**Task brief**
Give the records back exactly as written, but without the images.

*** Data Section Begins ***

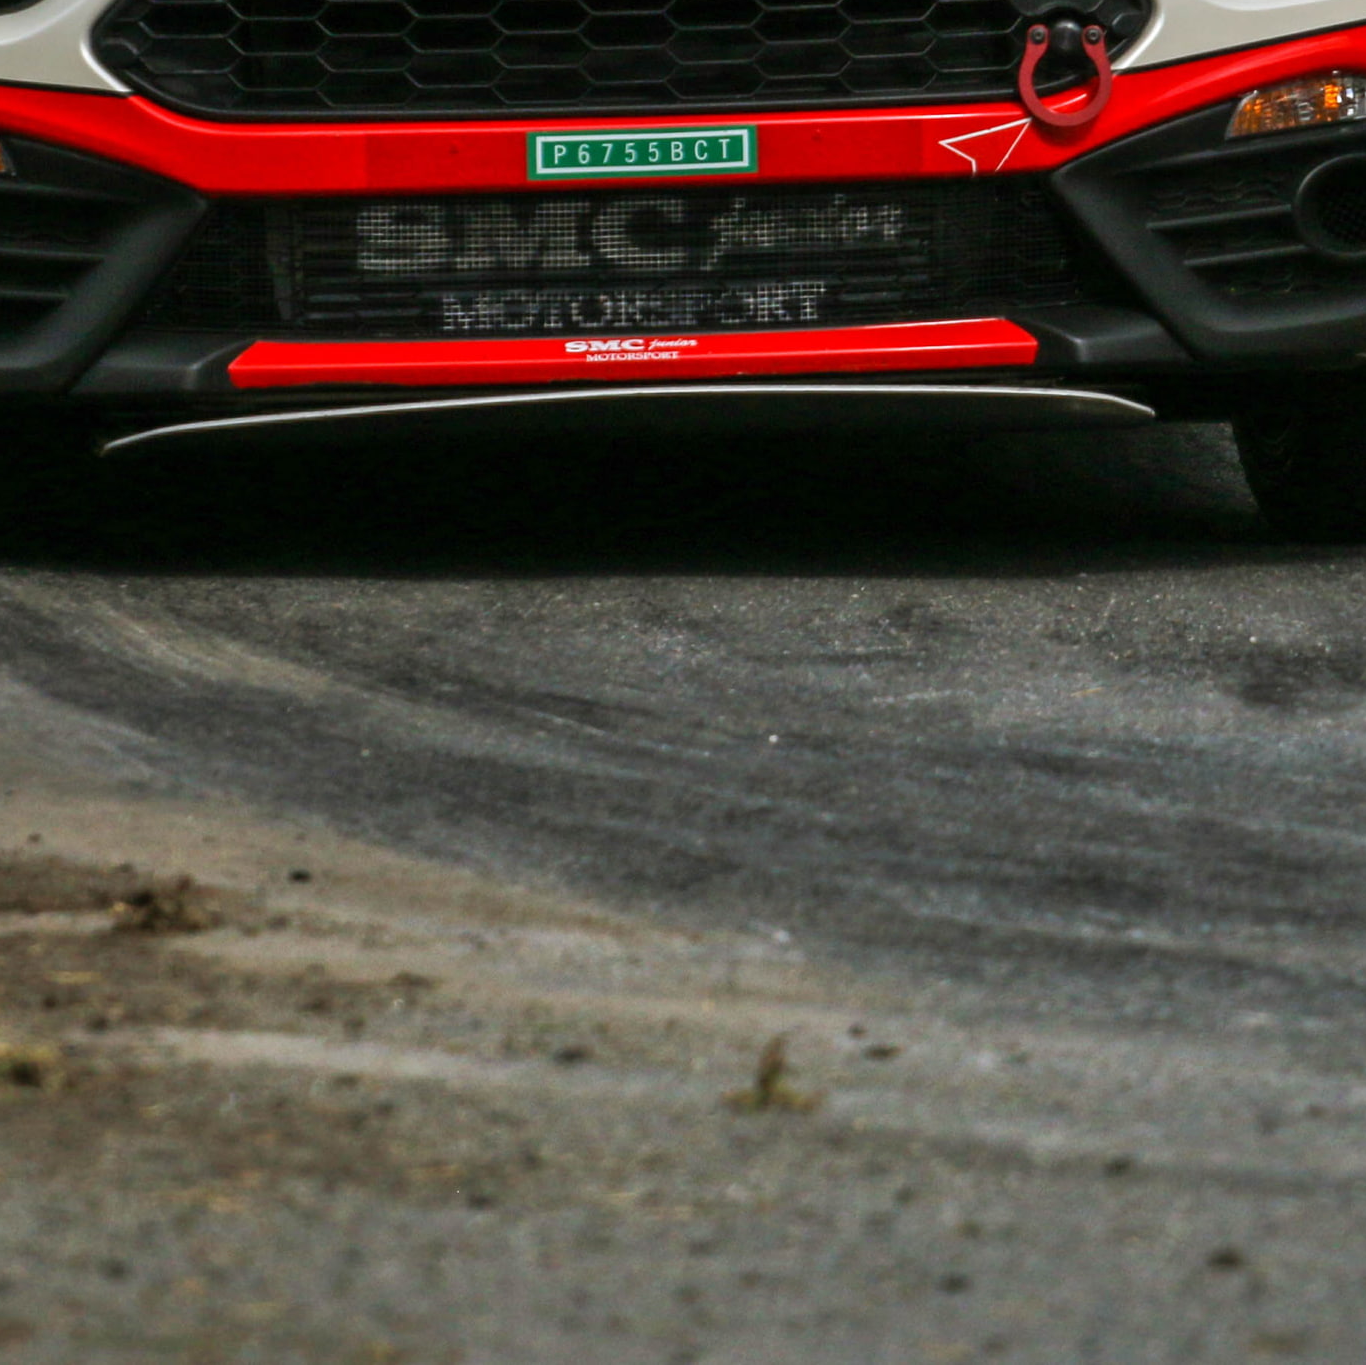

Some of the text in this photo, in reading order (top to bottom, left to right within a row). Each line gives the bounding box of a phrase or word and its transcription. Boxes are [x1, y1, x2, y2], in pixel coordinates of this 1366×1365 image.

[553, 138, 731, 165] P6755BCT
[356, 198, 688, 271] SMC
[564, 338, 698, 353] SMC junior
[585, 351, 680, 362] MOTORSPORT

*** Data Section Ends ***

**Answer space**
Some of the text in this photo, in reading order (top to bottom, left to right within a row). Each line gives the bounding box of a phrase or word and its transcription. Boxes are [x1, y1, x2, y2], in pixel coordinates of this 1366×1365 image.

[553, 138, 731, 165] P6755BCT
[356, 198, 688, 271] SMC
[564, 338, 698, 353] SMC junior
[585, 351, 680, 362] MOTORSPORT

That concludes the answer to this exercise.